Si entendemos por viaje no una visita apresurada sino una predisposición al asombro, a la generosidad y a la placidez, sin duda Campeche es el lugar idóneo. Desde el siglo XVI esta tierra de profundos contrastes fue tema de fantásticos relatos en boca de hombres ávidos de aventuras y riquezas, el sueño del viajero.
En los límites del territorio del estado de Campeche se ubicó -en parte- la civilización maya, una de las culturas más importantes que poblaron el continente americano. A través de las selvas tropicales del Petén, apunta el arqueólogo Román Piña Chán, los mayas penetraron a la península de Yucatán, donde se dispersaron y posteriormente fundaron sus aldeas que se convirtieron en centros ceremoniales caracterizados por la existencia de una organización sacerdotal y el culto a los dioses, destacando en la entidad los sitios de Calakmul, Xpuhil, Chicanná, Becán, Hormiguero, Acalan, Jaina y Edzná.

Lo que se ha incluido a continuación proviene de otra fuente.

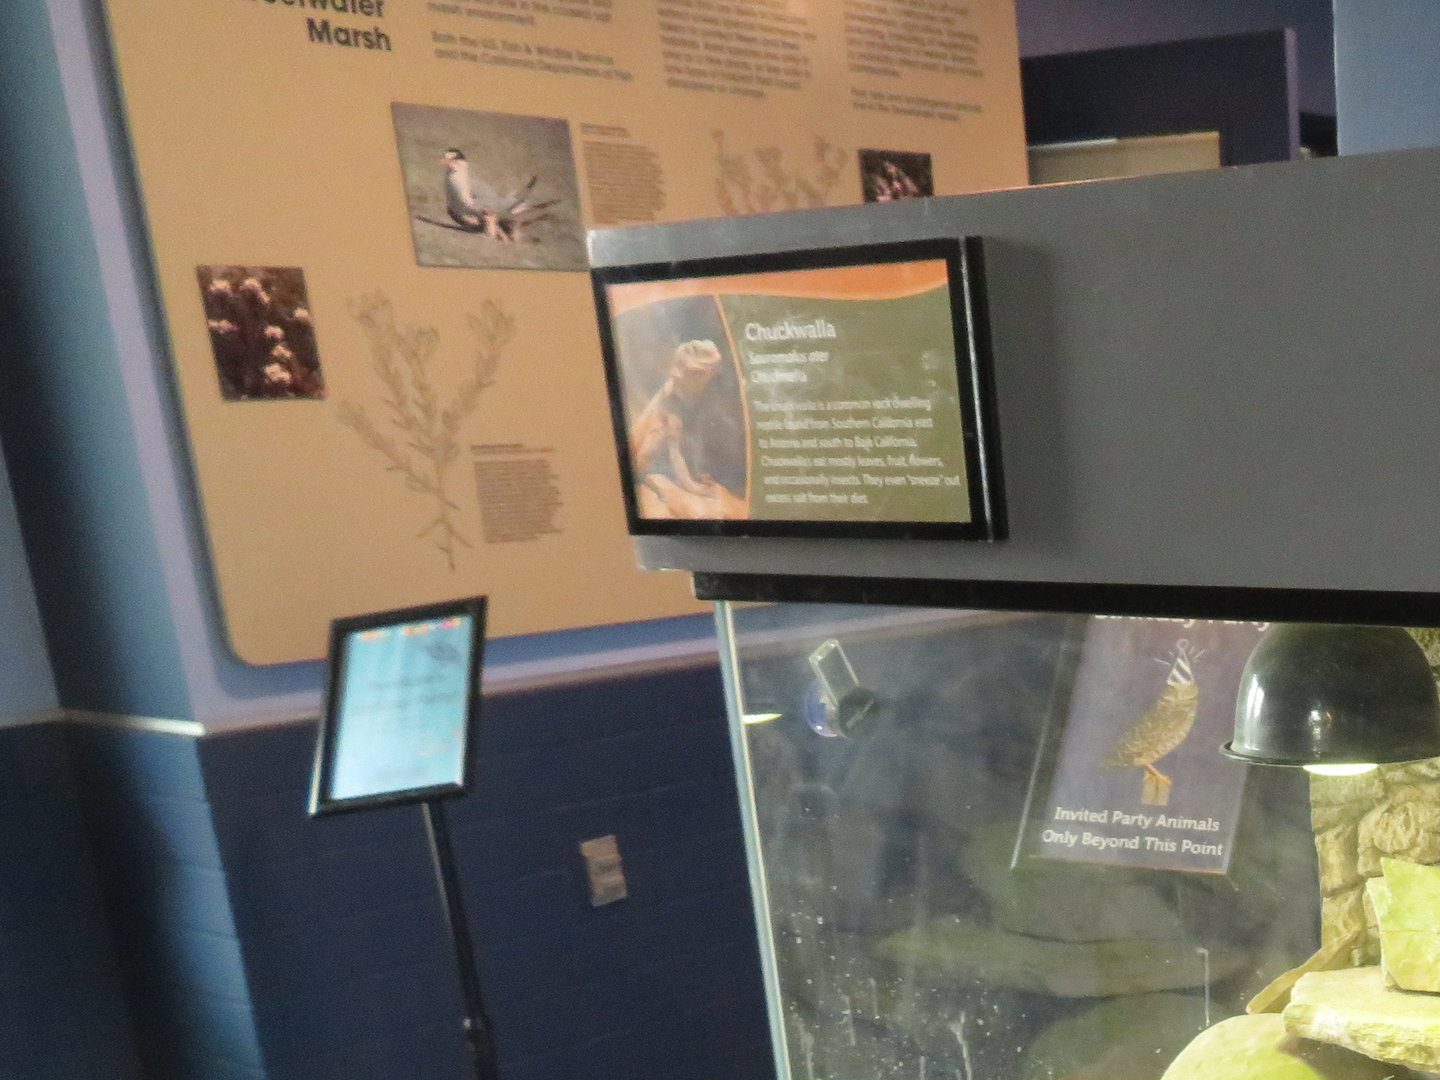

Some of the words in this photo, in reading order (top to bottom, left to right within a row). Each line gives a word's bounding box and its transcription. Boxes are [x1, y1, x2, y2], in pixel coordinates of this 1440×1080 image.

En la actualidad, el entorno geográfico de Campeche abarca tierras continentales e insulares, ríos, lagos y mares, comprendidos en una extensión de 56,126 km cuadrados. El estado está conformado por diez municipios: Calkiní, Campeche, Carmen, Champotón, Escárcega, Hecelchakán, Hopelchén, Palizada, Tenabo y Calakmul.
Si el gentilicio de campechano es sinónimo de gente franca, abierta y jovial, la palabra distingue, además, a un pueblo generoso en el acto de cocinar. Los campechanos aprovechan los frutos del mar y de la tierra para crear y recrear su gastronomía de profundas raíces española, caribeña y prehispánica.
Muchos son los motivos para recorrer las rutas de Campeche, tierra de permanente verano. Mito y leyenda se confabulan en una historia entusiasta y triste; el esplendor traducido en palo de tinte, henequén, chicle y maderas preciosas ahora son el eco en haciendas fantasmas que encantan al visitante como Uayamón, Tankuché, Blanca Flor y San José Carpizo. Selva que aún guarda la visión de "la primera edad del mundo", como recreó un siglo y medio antes la pluma del naturalista francés Arthur Morelet. Así, la alegría del viaje se concreta en el puerto, historia amorosa entre el mar y el hombre, donde el sueño del viajero halla su lugar.